# Required work
Pick up at the line with "Some of the words". Write it out exactly, along with each later line through the end of the data, and nothing more.

# Available data
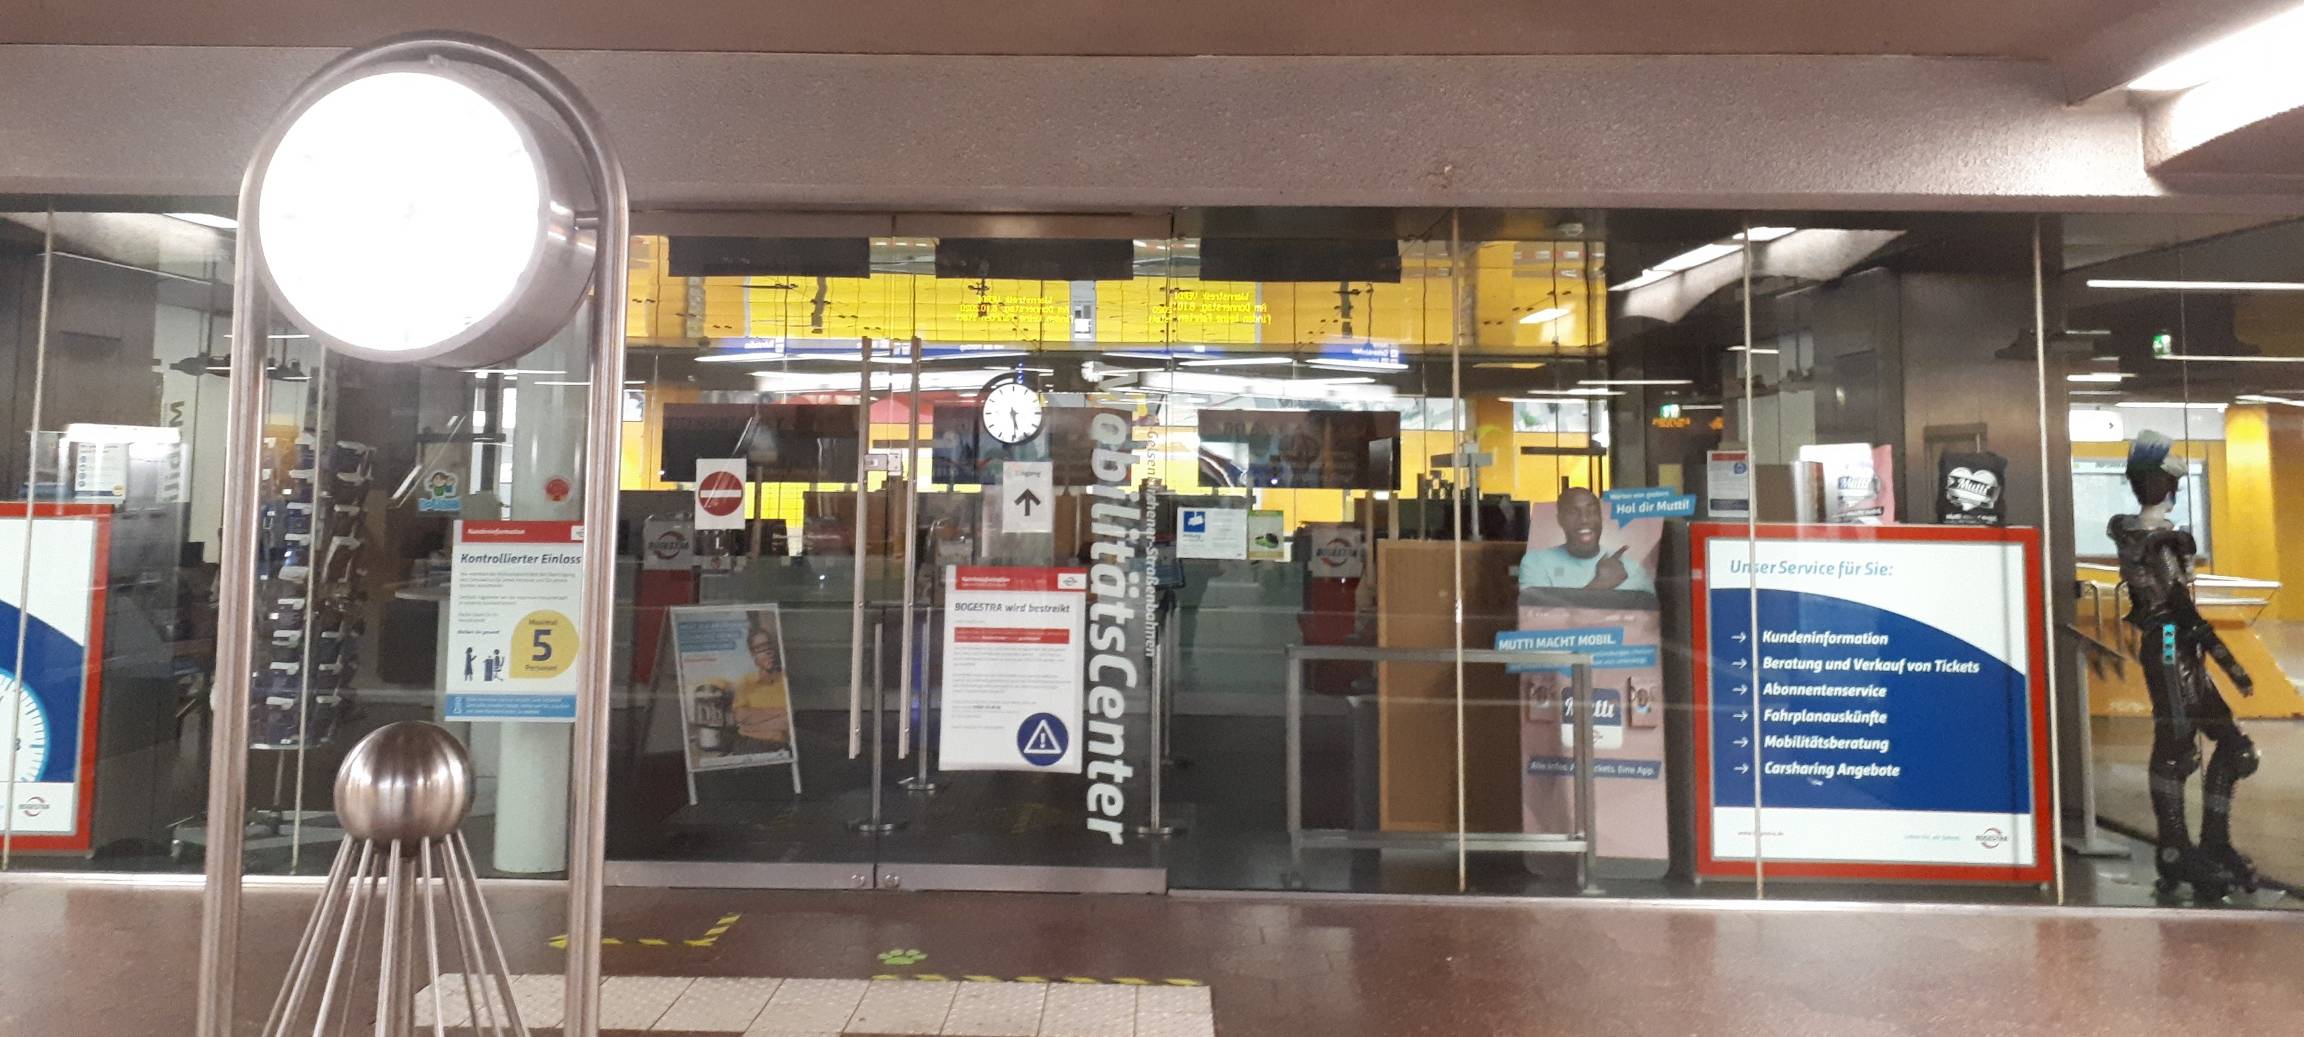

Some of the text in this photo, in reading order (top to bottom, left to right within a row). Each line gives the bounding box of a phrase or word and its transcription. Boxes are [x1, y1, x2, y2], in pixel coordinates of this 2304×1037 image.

[1638, 501, 1655, 513] dir
[460, 553, 582, 565] Kontrollierter Einlass
[1778, 560, 1834, 575] Service
[1838, 560, 1862, 580] für
[1865, 561, 1893, 576] Sie:
[954, 602, 1070, 614] BOGESTRA wird bestreikt
[532, 629, 552, 661] 5
[1499, 639, 1533, 650] MUTTI
[1536, 636, 1576, 649] MACHT
[1762, 630, 1888, 647] Kundeninformation
[1763, 656, 1980, 675] Beratung und Verkauf von Tickets
[1763, 683, 1887, 698] Abonnentenservice
[1763, 709, 1888, 726] Fahrplanauskünfte
[1764, 735, 1890, 753] Mobilitätsberatung
[1765, 761, 1901, 779] Carsharing Angebote
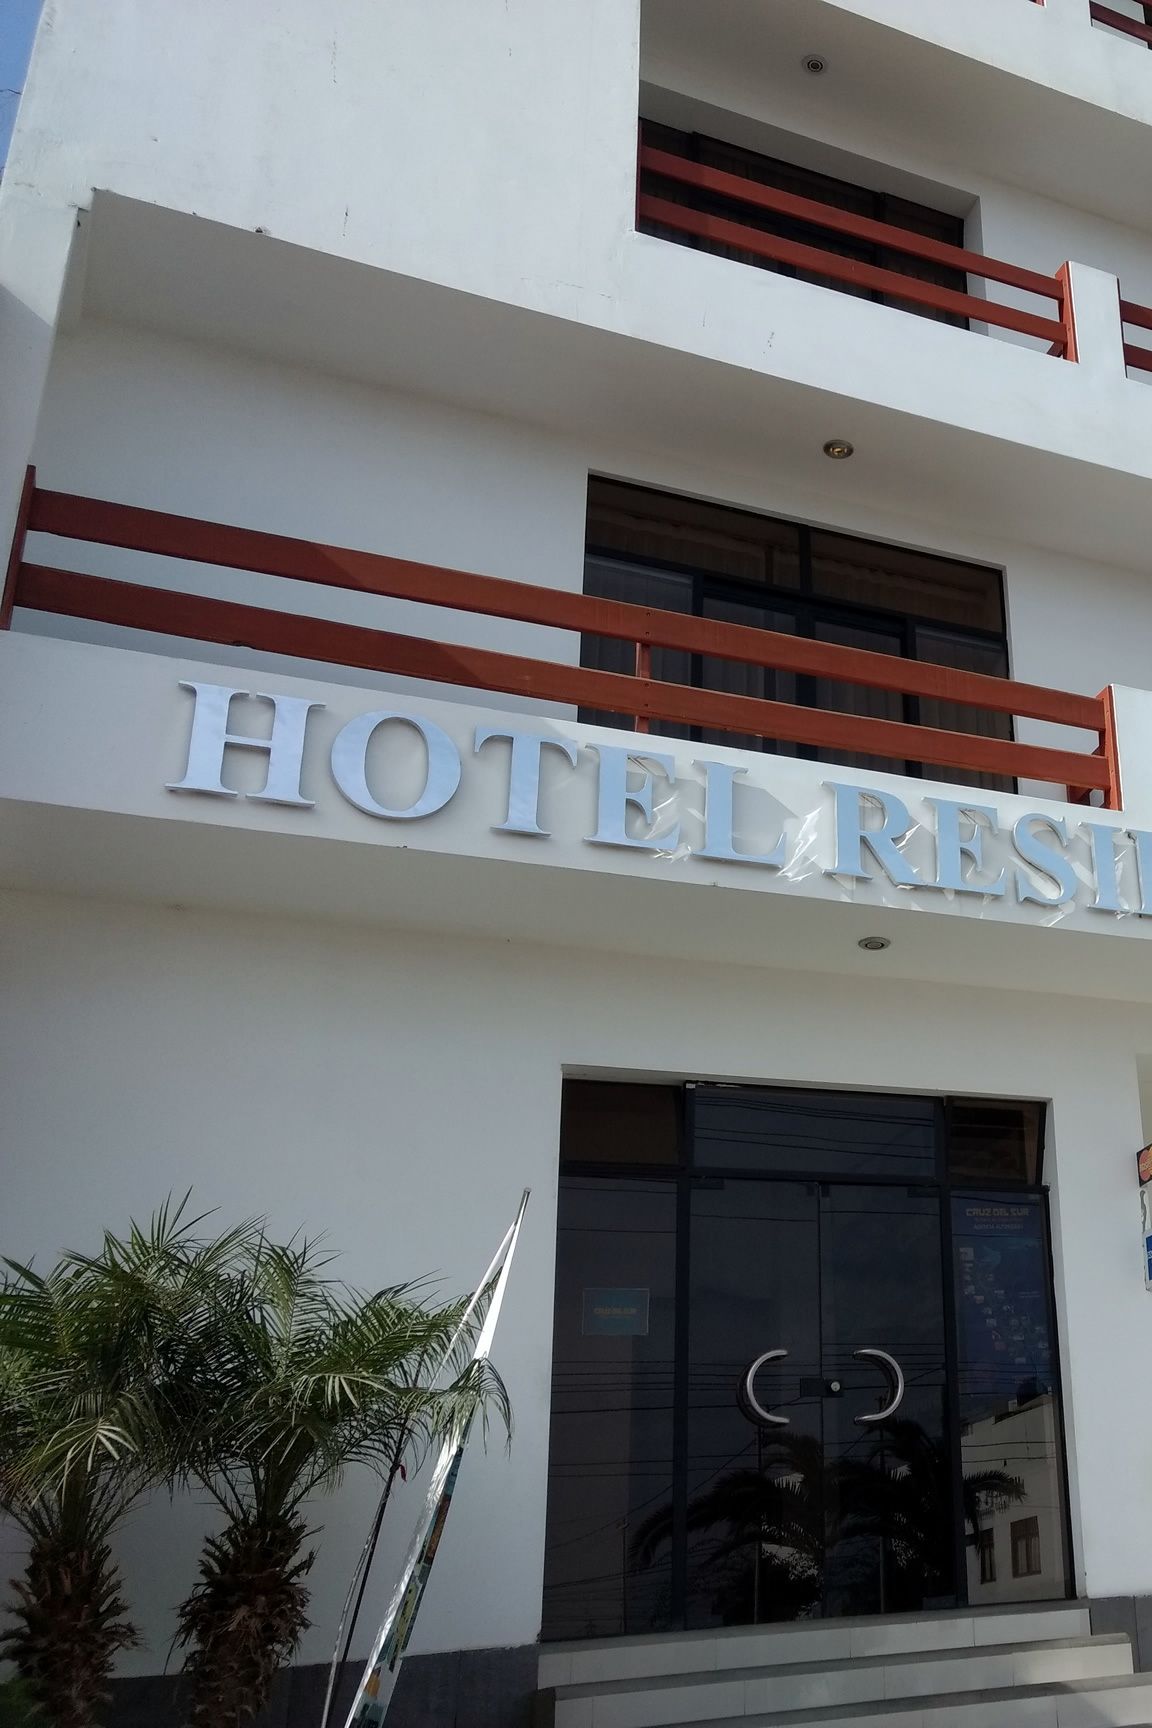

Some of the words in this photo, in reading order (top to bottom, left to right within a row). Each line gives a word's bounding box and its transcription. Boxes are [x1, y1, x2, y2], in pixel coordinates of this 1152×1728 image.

[164, 680, 789, 869] HOTEL
[966, 1207, 991, 1216] CRUZ
[1010, 1207, 1029, 1216] SUR

# Reply
Some of the words in this photo, in reading order (top to bottom, left to right within a row). Each line gives a word's bounding box and its transcription. Boxes are [x1, y1, x2, y2], in pixel coordinates of this 1152×1728 image.

[164, 680, 789, 869] HOTEL
[966, 1207, 991, 1216] CRUZ
[1010, 1207, 1029, 1216] SUR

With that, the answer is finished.